◆ Activity ◆
Leave the pictures behind and reproduce every line of the listing exactly.

◆ Raw data ◆

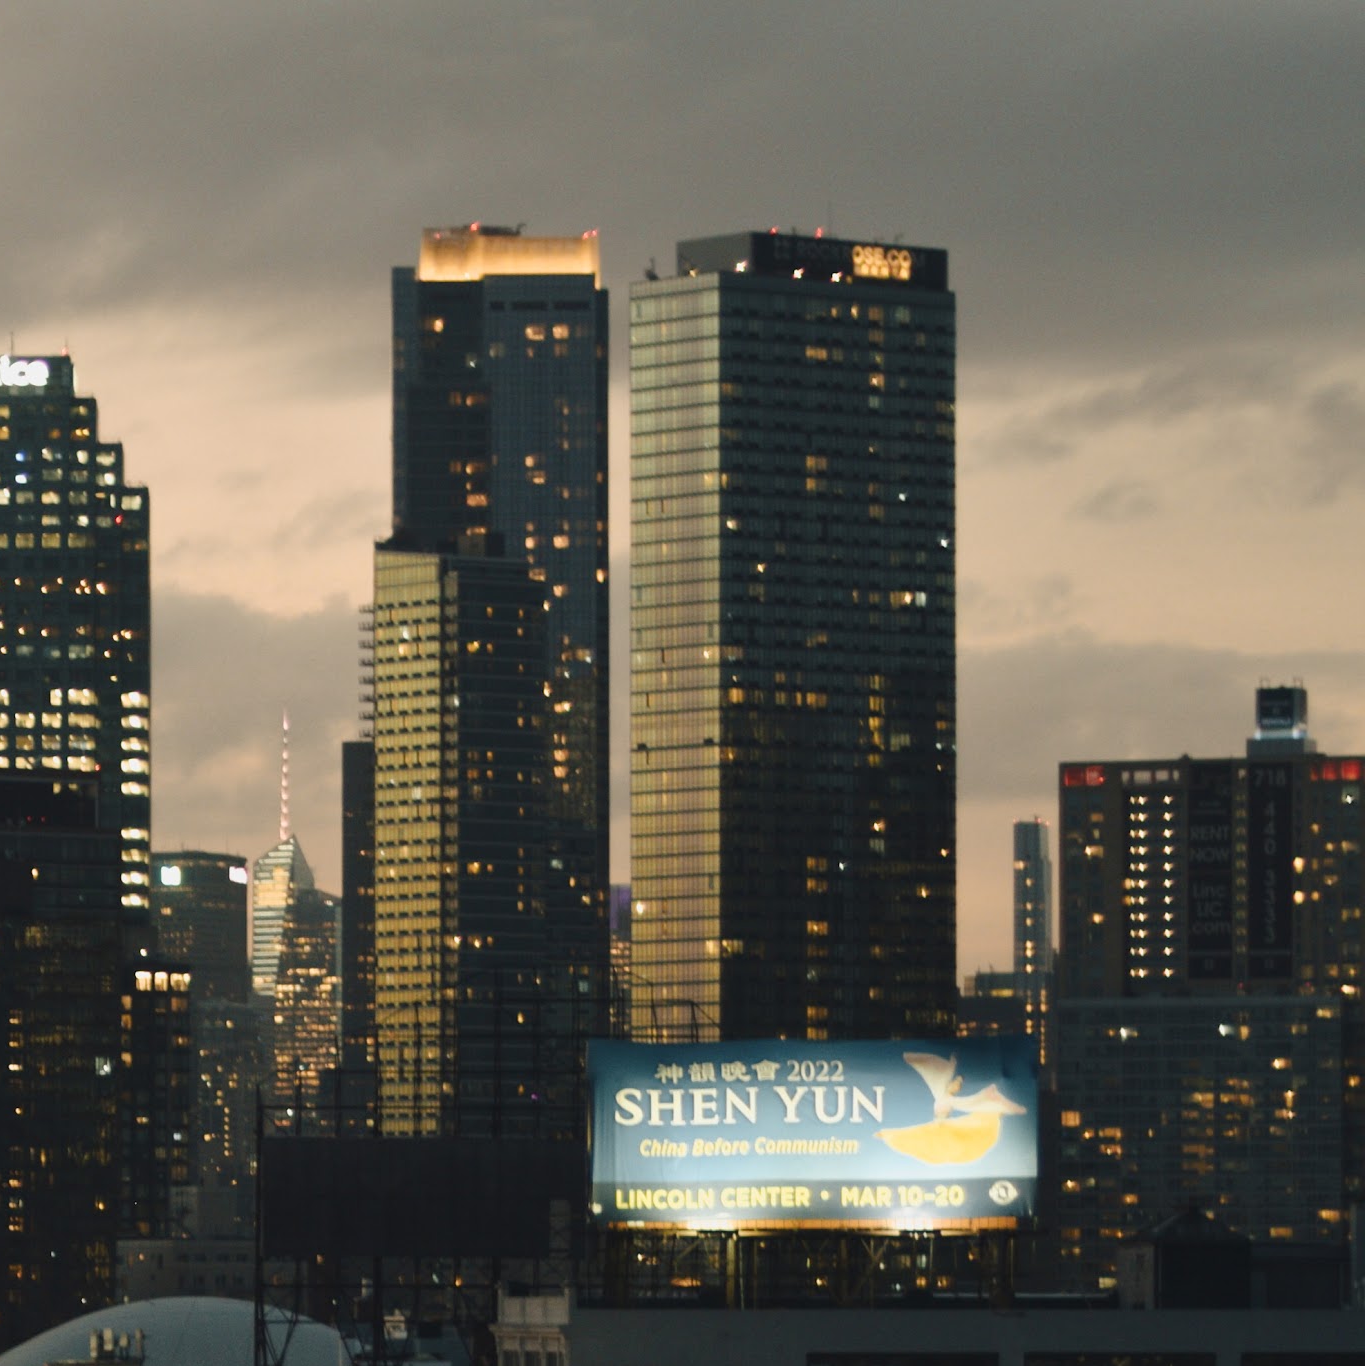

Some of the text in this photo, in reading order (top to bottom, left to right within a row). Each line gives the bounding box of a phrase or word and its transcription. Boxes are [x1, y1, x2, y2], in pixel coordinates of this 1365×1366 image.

[1253, 768, 1287, 788] 718
[1189, 824, 1229, 840] RENT
[1189, 847, 1230, 863] NOW
[787, 1060, 844, 1082] 2022
[614, 1086, 885, 1126] SHEN YUN
[639, 1136, 859, 1158] China Before Communism
[615, 1189, 714, 1210] LINCOLN
[721, 1187, 810, 1208] CENTER
[840, 1186, 891, 1207] MAR

◆ Expected answer ◆
Some of the text in this photo, in reading order (top to bottom, left to right within a row). Each line gives the bounding box of a phrase or word and its transcription. Boxes are [x1, y1, x2, y2], in pixel coordinates of this 1365×1366 image.

[1253, 768, 1287, 788] 718
[1189, 824, 1229, 840] RENT
[1189, 847, 1230, 863] NOW
[787, 1060, 844, 1082] 2022
[614, 1086, 885, 1126] SHEN YUN
[639, 1136, 859, 1158] China Before Communism
[615, 1189, 714, 1210] LINCOLN
[721, 1187, 810, 1208] CENTER
[840, 1186, 891, 1207] MAR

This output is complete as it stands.